== WHAT YOU ARE ASKED TO DO ==
Everything in the data must be repeated exactly, apart from the pictures, which are left out.

== THE RECORDS ==
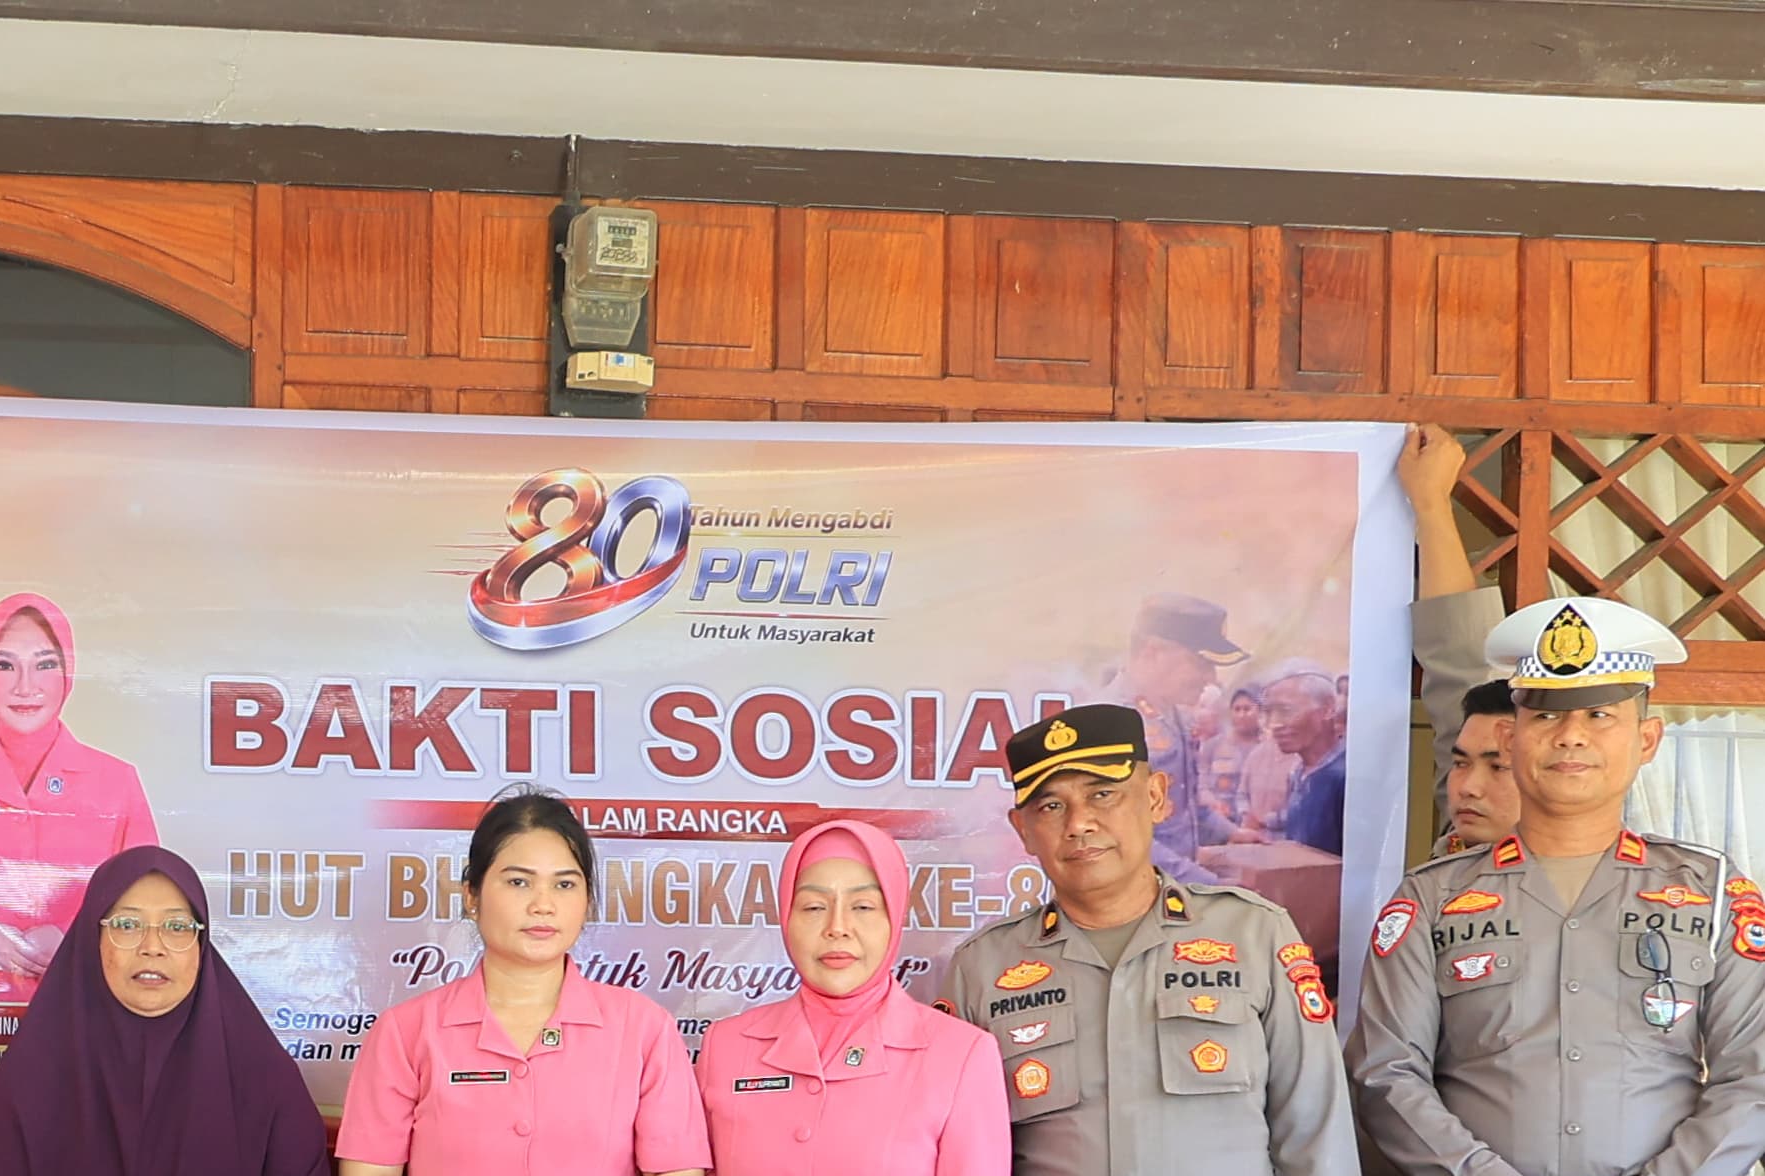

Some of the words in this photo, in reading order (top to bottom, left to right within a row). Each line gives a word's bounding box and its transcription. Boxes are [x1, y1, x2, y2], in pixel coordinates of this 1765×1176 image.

[690, 505, 759, 527] Tahun
[767, 506, 893, 533] Mengabdi
[478, 467, 691, 620] 80
[689, 547, 893, 607] POLRI
[690, 623, 752, 640] Untuk
[757, 625, 876, 645] Masyarakat
[206, 679, 599, 776] BAKTI
[646, 690, 1068, 784] SOSIA
[570, 806, 646, 831] LAM
[656, 807, 787, 834] RANGKA
[228, 851, 365, 919] HUT
[902, 864, 1053, 931] KE-8
[1432, 918, 1521, 950] RIJAL
[1623, 911, 1713, 942] POLRI
[1164, 970, 1241, 989] POLRI
[990, 987, 1067, 1018] PRIYANTO
[275, 1007, 377, 1035] Semoga
[286, 1039, 332, 1059] dan
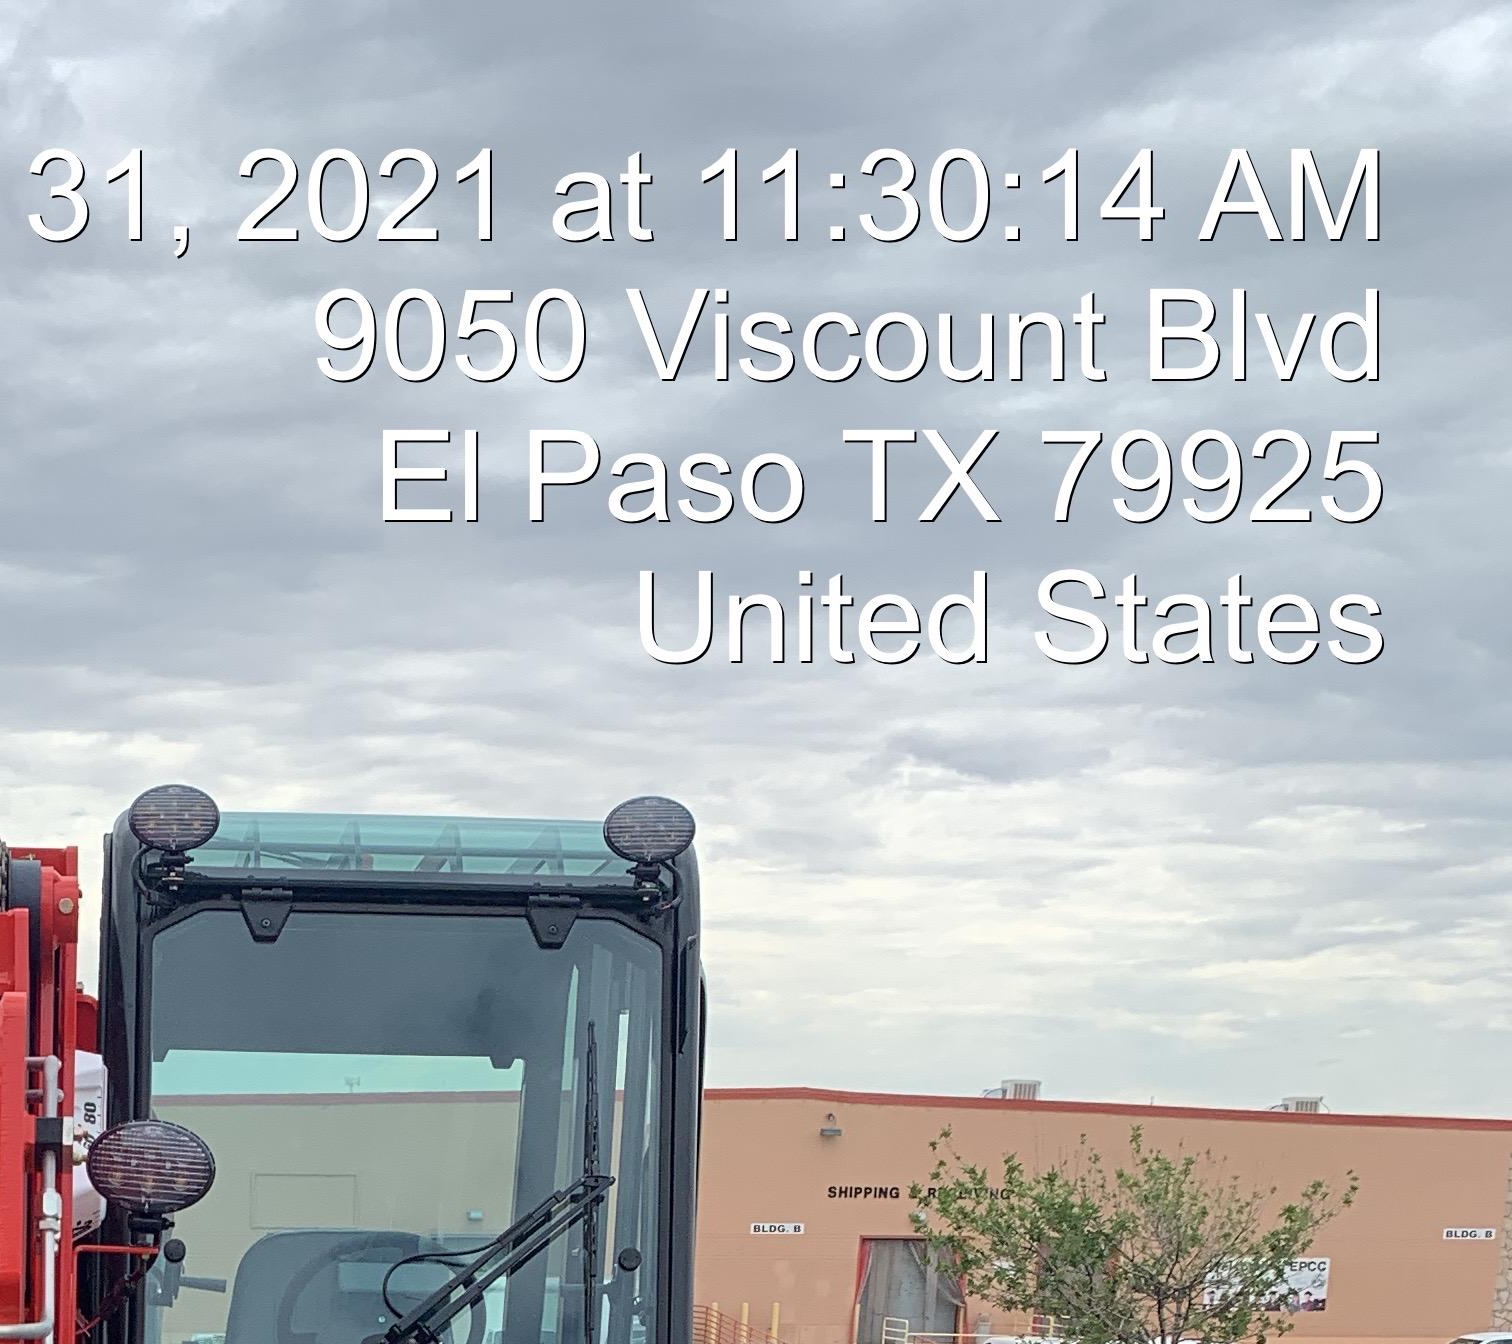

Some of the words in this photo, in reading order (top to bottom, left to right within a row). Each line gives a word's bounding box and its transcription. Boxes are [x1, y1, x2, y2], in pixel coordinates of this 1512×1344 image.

[827, 1186, 900, 1199] SHIPPING
[753, 1224, 790, 1233] BLDG.
[793, 1224, 802, 1233] B
[1445, 1230, 1481, 1238] BLDG.
[1484, 1230, 1493, 1238] B
[1290, 1261, 1327, 1272] EPCC
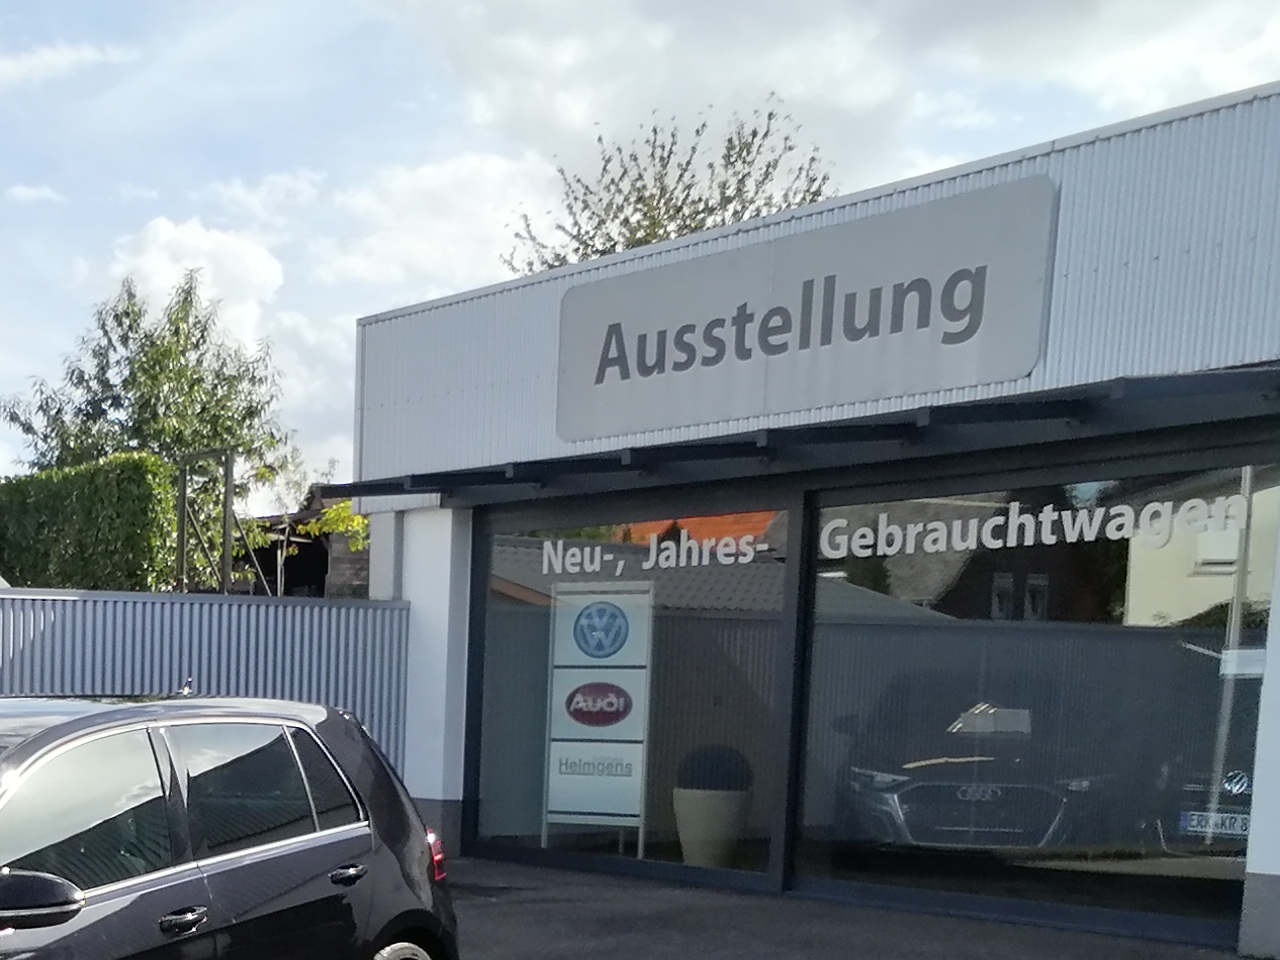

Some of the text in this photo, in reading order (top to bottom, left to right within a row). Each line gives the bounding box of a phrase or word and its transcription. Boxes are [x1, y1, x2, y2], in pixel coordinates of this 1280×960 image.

[593, 263, 988, 386] Ausstellung
[541, 494, 1247, 577] Neu-, Jahres- Gebrauchtwagen
[569, 692, 626, 713] Audi

== COMPLETED TASK ==
Some of the words in this photo, in reading order (top to bottom, left to right within a row). Each line gives a word's bounding box and its transcription. Boxes are [x1, y1, x2, y2], in pixel coordinates of this 1765×1176 image.

[690, 505, 759, 527] Tahun
[767, 506, 893, 533] Mengabdi
[478, 467, 691, 620] 80
[689, 547, 893, 607] POLRI
[690, 623, 752, 640] Untuk
[757, 625, 876, 645] Masyarakat
[206, 679, 599, 776] BAKTI
[646, 690, 1068, 784] SOSIA
[570, 806, 646, 831] LAM
[656, 807, 787, 834] RANGKA
[228, 851, 365, 919] HUT
[902, 864, 1053, 931] KE-8
[1432, 918, 1521, 950] RIJAL
[1623, 911, 1713, 942] POLRI
[1164, 970, 1241, 989] POLRI
[990, 987, 1067, 1018] PRIYANTO
[275, 1007, 377, 1035] Semoga
[286, 1039, 332, 1059] dan

Some of the words in this photo, in reading order (top to bottom, left to right within a row). Each line gives a word's bounding box and its transcription. Boxes are [x1, y1, x2, y2], in pixel coordinates of this 1512×1344 image.

[827, 1186, 900, 1199] SHIPPING
[753, 1224, 790, 1233] BLDG.
[793, 1224, 802, 1233] B
[1445, 1230, 1481, 1238] BLDG.
[1484, 1230, 1493, 1238] B
[1290, 1261, 1327, 1272] EPCC

Some of the text in this photo, in reading order (top to bottom, left to right within a row). Each line gives the bounding box of a phrase or word and its transcription. Boxes are [x1, y1, x2, y2], in pixel coordinates of this 1280×960 image.

[593, 263, 988, 386] Ausstellung
[541, 494, 1247, 577] Neu-, Jahres- Gebrauchtwagen
[569, 692, 626, 713] Audi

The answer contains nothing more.